Moradores e antigos utilizadores da Feira Popular queixam-se do abandono daquele espaço e do "corrupio de prostituição" que ali, há três anos, se vive, lembrando com saudade o "bom ambiente" que as diversões traziam a Lisboa.
A Feira Popular funcionou em Entrecampos até outubro de 2003, depois de a Câmara de Lisboa, liderada na altura por Santana Lopes (PSD), ter aprovado em julho, com a empresa Bragaparques, uma permuta entre aquele terreno e o Parque Mayer.
Hoje, quase sete anos depois, os vizinhos da Feira Popular lamentam que o espaço tenha sido deixado ao abandono e que todos os dias o espaço sirva para “prostituição”.
Anabela Borges, moradora com vista para os terrenos da Feira Popular desde 1971, diz que a situação é “uma vergonha”.

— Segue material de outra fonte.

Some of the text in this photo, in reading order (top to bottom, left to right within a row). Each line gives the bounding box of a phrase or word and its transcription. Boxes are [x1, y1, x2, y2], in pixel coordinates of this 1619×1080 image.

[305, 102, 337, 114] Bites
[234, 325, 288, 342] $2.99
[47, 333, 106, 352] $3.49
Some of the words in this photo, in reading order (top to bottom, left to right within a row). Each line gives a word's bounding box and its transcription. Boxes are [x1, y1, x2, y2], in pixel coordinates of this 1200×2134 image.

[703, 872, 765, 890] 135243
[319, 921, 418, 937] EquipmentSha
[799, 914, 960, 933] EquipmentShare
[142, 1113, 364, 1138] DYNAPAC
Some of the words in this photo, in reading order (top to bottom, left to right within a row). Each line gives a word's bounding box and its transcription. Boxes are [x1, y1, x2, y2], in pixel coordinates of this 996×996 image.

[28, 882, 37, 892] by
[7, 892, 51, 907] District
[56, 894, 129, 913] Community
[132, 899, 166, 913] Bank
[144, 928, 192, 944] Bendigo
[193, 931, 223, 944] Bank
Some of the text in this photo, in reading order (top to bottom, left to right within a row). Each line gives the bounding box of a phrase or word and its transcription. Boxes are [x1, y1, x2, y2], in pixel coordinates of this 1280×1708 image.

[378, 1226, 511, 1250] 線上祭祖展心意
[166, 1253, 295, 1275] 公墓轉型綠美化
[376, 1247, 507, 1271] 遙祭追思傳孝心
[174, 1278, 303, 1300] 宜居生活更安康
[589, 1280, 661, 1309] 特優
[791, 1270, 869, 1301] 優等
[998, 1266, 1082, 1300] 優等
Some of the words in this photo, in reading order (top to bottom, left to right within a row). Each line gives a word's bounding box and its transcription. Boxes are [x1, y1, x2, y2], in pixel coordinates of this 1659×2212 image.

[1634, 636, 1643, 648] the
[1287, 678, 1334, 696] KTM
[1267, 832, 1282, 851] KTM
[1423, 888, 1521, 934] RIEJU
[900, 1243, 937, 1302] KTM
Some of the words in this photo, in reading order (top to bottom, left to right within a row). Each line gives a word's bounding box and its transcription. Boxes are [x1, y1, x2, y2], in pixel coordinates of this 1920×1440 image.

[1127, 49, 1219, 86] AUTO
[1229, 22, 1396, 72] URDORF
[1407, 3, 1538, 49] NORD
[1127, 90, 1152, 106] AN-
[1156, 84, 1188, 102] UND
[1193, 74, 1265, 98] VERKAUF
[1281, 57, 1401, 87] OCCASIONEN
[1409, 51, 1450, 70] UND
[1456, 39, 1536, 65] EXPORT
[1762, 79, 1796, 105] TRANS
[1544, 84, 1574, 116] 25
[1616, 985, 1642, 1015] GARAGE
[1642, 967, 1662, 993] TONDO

“Entram junto à linha de comboio e vão ocupando as [três] casinhas que ficaram por demolir, até chegarem ao antigo teatro Vasco Santana”, descreve.
A vista do apartamento de Anabela Borges, que antigamente mostrava uma feira cheia de luzes e de pessoas a divertirem-se durante a noite, mudou radicalmente: “Estamos aqui e não podemos chegar à janela, nem estar a vontade. Temos de fechar as cortinas. É lamentável”, queixa-se.
Também Madalena, porteira de prédios de Entrecampos há 23 anos, teme pela neta, mais nova, com oito anos e conta que são “às dezenas” os homens que andam “num corrupio” nos terrenos da antiga Feira Popular.
Mas Madalena lamenta também que este espaço esteja "entregue à bicharada e ao lixo".
“Tivemos vizinhos com as casas cheias de ratos. Nunca tínhamos moscas nem melgas em casa e agora é impossível ter as janelas abertas ou estar na varanda. As pessoas veem o portão aberto da Feira e, com preguiça de ir até ao eco ponto, deixam o lixo ali”, descreve.
Dantes, recordam, “era uma animação para mim, que podia ir ter com os meus amigos, porque os meus pais ficavam a ver da janela”, recorda Anabela Borges.
“Claro que as pessoas se queixavam do barulho e do cheiro a sardinha assada, mas era sempre muito melhor do que este porcaria de hoje”, desabafa.
As vizinhas da Feira Popular afirmam que os moradores de Entrecampos, e mesmo o Hotel Villa Rica, que também tem vista para o terreno da Feira Popular fizeram várias queixas à PSP.
No entanto, as entidades "não fizeram nada", "chutaram responsabilidades uns para os outros" e disseram que “o espaço é terra de ninguém”.
Dada a falta de respostas das autoridades, Anabela Borges sugere que se "deitem abaixo os imóveis que ficaram de pé, que se coloque um produto que queime os arbustos e que se tape tudo à volta com tapumes, como fizeram do lado da Avenida da República".
“Se era para demolir tinham arrasado com tudo mesmo de início e não deixavam as estruturas que deixaram. Isto está muito mau e muito feio. Queríamos antes 10 vezes a feira popular para aqui”, conclui.
Na segunda feira, o Tribunal Administrativo de Lisboa anulou a permuta acordada entre a Câmara de Lisboa e a Bragaparques, voltando a Feira Popular a pertencer à autarquia e o Parque Mayer à empresa, que, entretanto, afirmou vir a recorrer da sentença.
Contactada pela Lusa, a PSP confirma as queixas, mas informa que o espaço em apreço é privado e que, por isso, não tem competências para atuar no seu interior.
A autoridade afirma-se “atenta ao problema” e diz que efetua patrulhamento na zona “sempre que possível”, informando os responsáveis pelo recinto sempre que a vedação está danificada.